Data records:
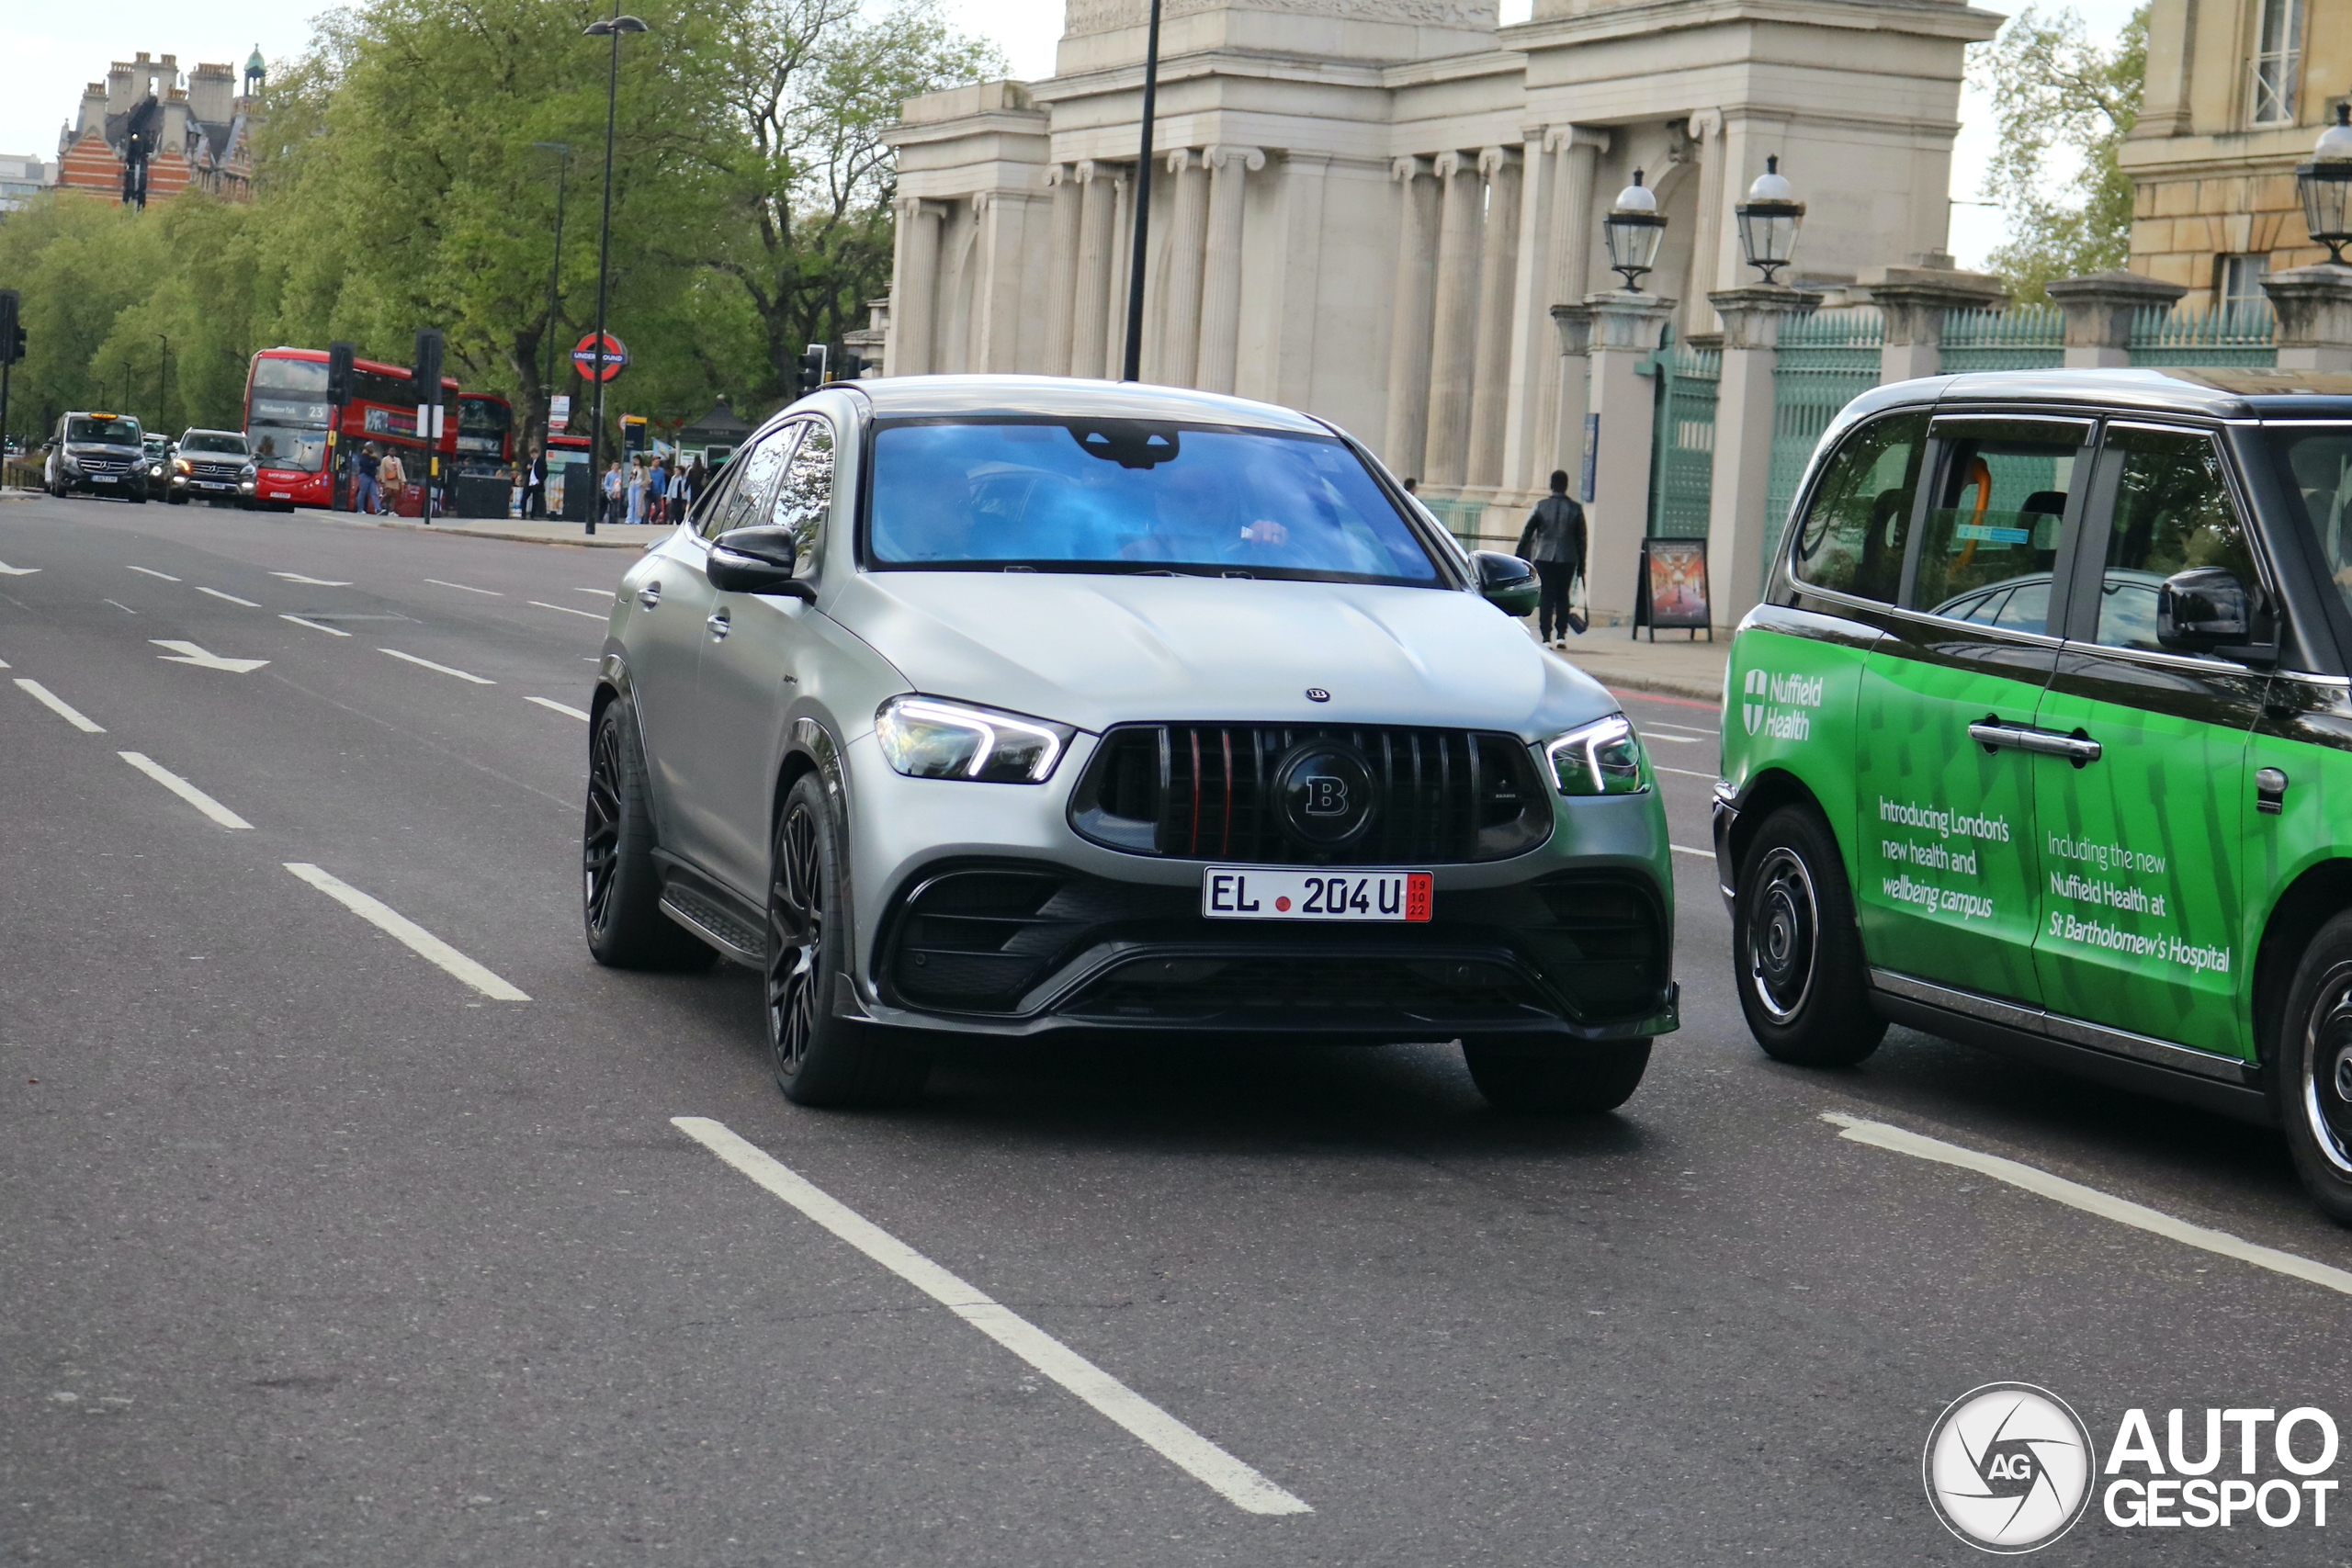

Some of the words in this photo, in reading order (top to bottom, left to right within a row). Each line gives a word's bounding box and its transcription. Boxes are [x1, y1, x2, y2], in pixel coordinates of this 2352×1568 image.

[573, 352, 623, 362] UNDEROUND
[309, 406, 323, 418] 23
[1770, 671, 1824, 707] Nuffield
[1766, 711, 1811, 741] Health
[1305, 774, 1350, 817] B
[1880, 795, 1950, 839] Introducing
[1951, 807, 2010, 843] London's
[1883, 840, 1907, 862] new
[1909, 838, 1950, 871] health
[1951, 849, 1977, 875] and
[2048, 830, 2109, 871] Including
[2110, 842, 2132, 869] the
[2135, 852, 2166, 874] new
[1212, 875, 1260, 911] EL
[1302, 877, 1370, 914] 204
[1379, 878, 1401, 914] U
[1411, 879, 1426, 890] 19
[1411, 892, 1425, 902] 10
[1883, 874, 1940, 914] wellbeing
[1940, 889, 1993, 920] campus
[2050, 871, 2102, 905] Nuffield
[2103, 881, 2148, 913] Health
[2150, 894, 2166, 917] at
[1409, 905, 1425, 915] 22
[2049, 911, 2064, 937] St
[2064, 914, 2166, 960] Bartholomew's
[2168, 935, 2230, 974] Hospital
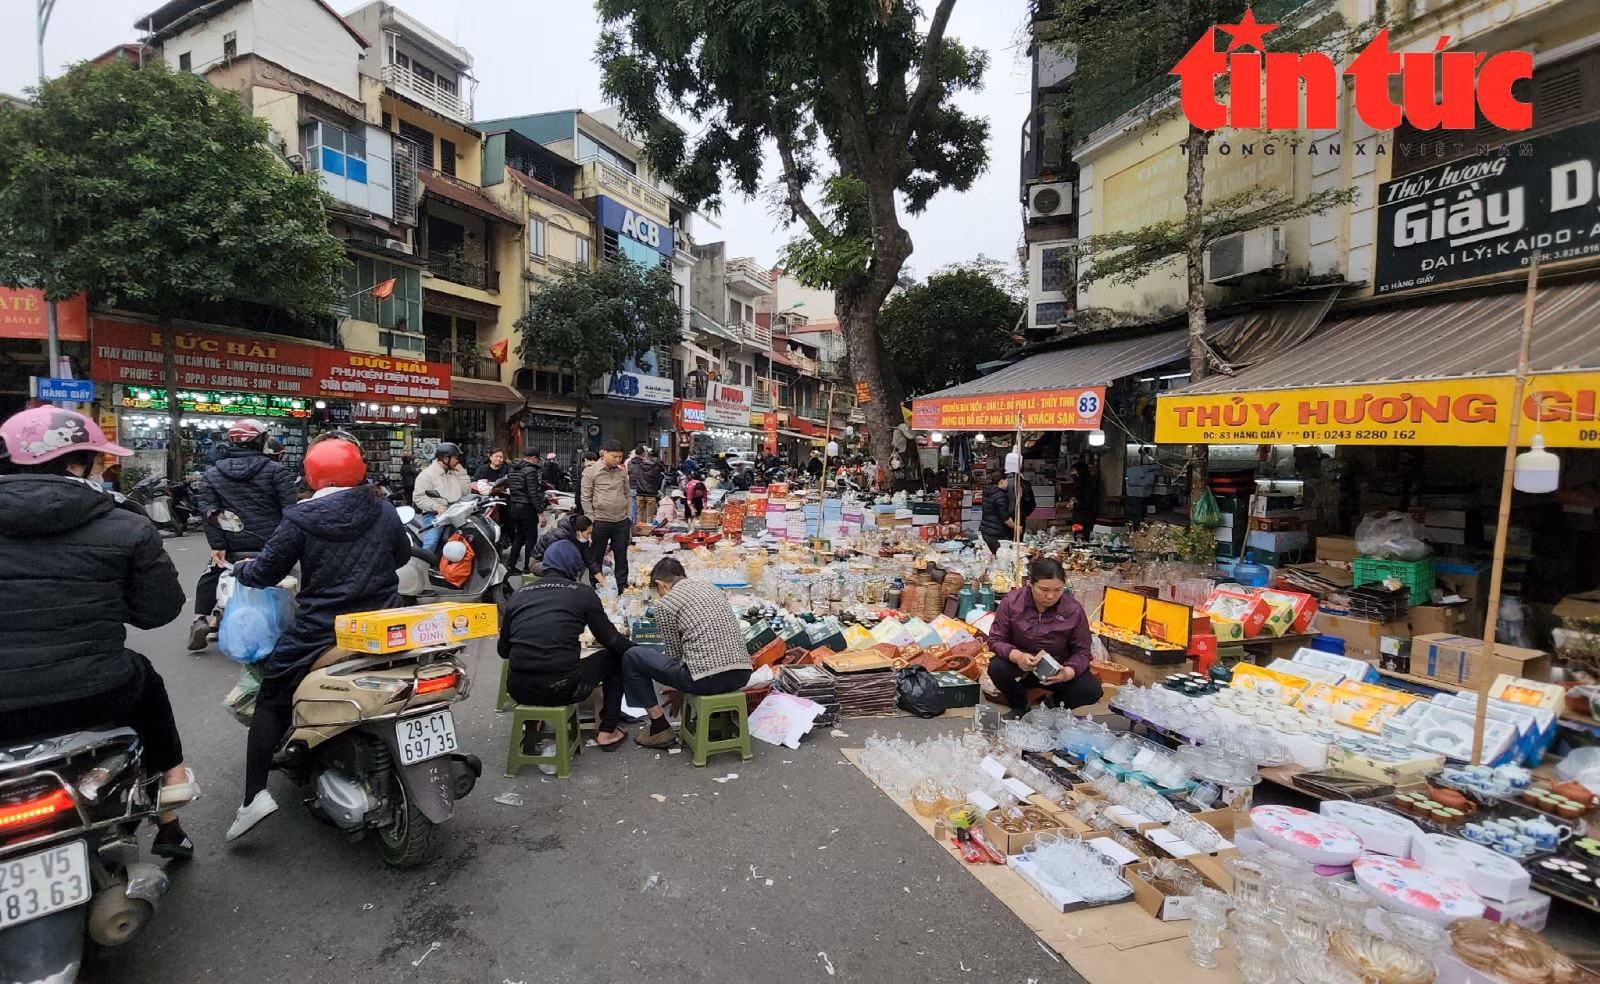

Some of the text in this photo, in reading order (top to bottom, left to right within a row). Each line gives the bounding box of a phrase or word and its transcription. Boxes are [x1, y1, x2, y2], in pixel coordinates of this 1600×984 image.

[1393, 181, 1525, 248] Giầy
[621, 209, 660, 248] ACB
[1421, 252, 1456, 271] ĐẠI
[1497, 229, 1571, 256] KAIDO
[1391, 278, 1414, 290] HÀNG
[1416, 272, 1437, 284] GIẤY
[330, 366, 356, 380] PHỤ
[348, 355, 428, 374] ĐỨC HẢI
[120, 366, 153, 380] IPHONE
[185, 372, 206, 384] OPPO
[211, 374, 249, 388] SAMSUNG
[253, 378, 272, 389] SONY
[607, 374, 640, 397] ACB
[1079, 396, 1098, 413] 83
[1173, 395, 1281, 428] THỦY
[1297, 393, 1498, 425] HƯƠNG
[1028, 410, 1055, 425] KHÁCH
[1056, 412, 1075, 427] SẠN
[1219, 431, 1231, 439] 83
[1233, 429, 1258, 440] HÀNG
[1260, 427, 1283, 440] GIẤY
[1323, 430, 1352, 440] 0243
[1355, 430, 1388, 440] 8280
[1393, 430, 1416, 440] 162
[405, 715, 447, 741] 29-C1
[404, 732, 456, 761] 697.35
[0, 874, 83, 924] 83.63

TASK STATEMENT: Your answer must be an exact repeat of the records above, with no pictures in it.

EXPECTED ANSWER:
Some of the words in this photo, in reading order (top to bottom, left to right within a row). Each line gives a word's bounding box and its transcription. Boxes are [x1, y1, x2, y2], in pixel coordinates of this 2352×1568 image.

[573, 352, 623, 362] UNDEROUND
[309, 406, 323, 418] 23
[1770, 671, 1824, 707] Nuffield
[1766, 711, 1811, 741] Health
[1305, 774, 1350, 817] B
[1880, 795, 1950, 839] Introducing
[1951, 807, 2010, 843] London's
[1883, 840, 1907, 862] new
[1909, 838, 1950, 871] health
[1951, 849, 1977, 875] and
[2048, 830, 2109, 871] Including
[2110, 842, 2132, 869] the
[2135, 852, 2166, 874] new
[1212, 875, 1260, 911] EL
[1302, 877, 1370, 914] 204
[1379, 878, 1401, 914] U
[1411, 879, 1426, 890] 19
[1411, 892, 1425, 902] 10
[1883, 874, 1940, 914] wellbeing
[1940, 889, 1993, 920] campus
[2050, 871, 2102, 905] Nuffield
[2103, 881, 2148, 913] Health
[2150, 894, 2166, 917] at
[1409, 905, 1425, 915] 22
[2049, 911, 2064, 937] St
[2064, 914, 2166, 960] Bartholomew's
[2168, 935, 2230, 974] Hospital

Some of the text in this photo, in reading order (top to bottom, left to right within a row). Each line gives the bounding box of a phrase or word and its transcription. Boxes are [x1, y1, x2, y2], in pixel coordinates of this 1600×984 image.

[1393, 181, 1525, 248] Giầy
[621, 209, 660, 248] ACB
[1421, 252, 1456, 271] ĐẠI
[1497, 229, 1571, 256] KAIDO
[1391, 278, 1414, 290] HÀNG
[1416, 272, 1437, 284] GIẤY
[330, 366, 356, 380] PHỤ
[348, 355, 428, 374] ĐỨC HẢI
[120, 366, 153, 380] IPHONE
[185, 372, 206, 384] OPPO
[211, 374, 249, 388] SAMSUNG
[253, 378, 272, 389] SONY
[607, 374, 640, 397] ACB
[1079, 396, 1098, 413] 83
[1173, 395, 1281, 428] THỦY
[1297, 393, 1498, 425] HƯƠNG
[1028, 410, 1055, 425] KHÁCH
[1056, 412, 1075, 427] SẠN
[1219, 431, 1231, 439] 83
[1233, 429, 1258, 440] HÀNG
[1260, 427, 1283, 440] GIẤY
[1323, 430, 1352, 440] 0243
[1355, 430, 1388, 440] 8280
[1393, 430, 1416, 440] 162
[405, 715, 447, 741] 29-C1
[404, 732, 456, 761] 697.35
[0, 874, 83, 924] 83.63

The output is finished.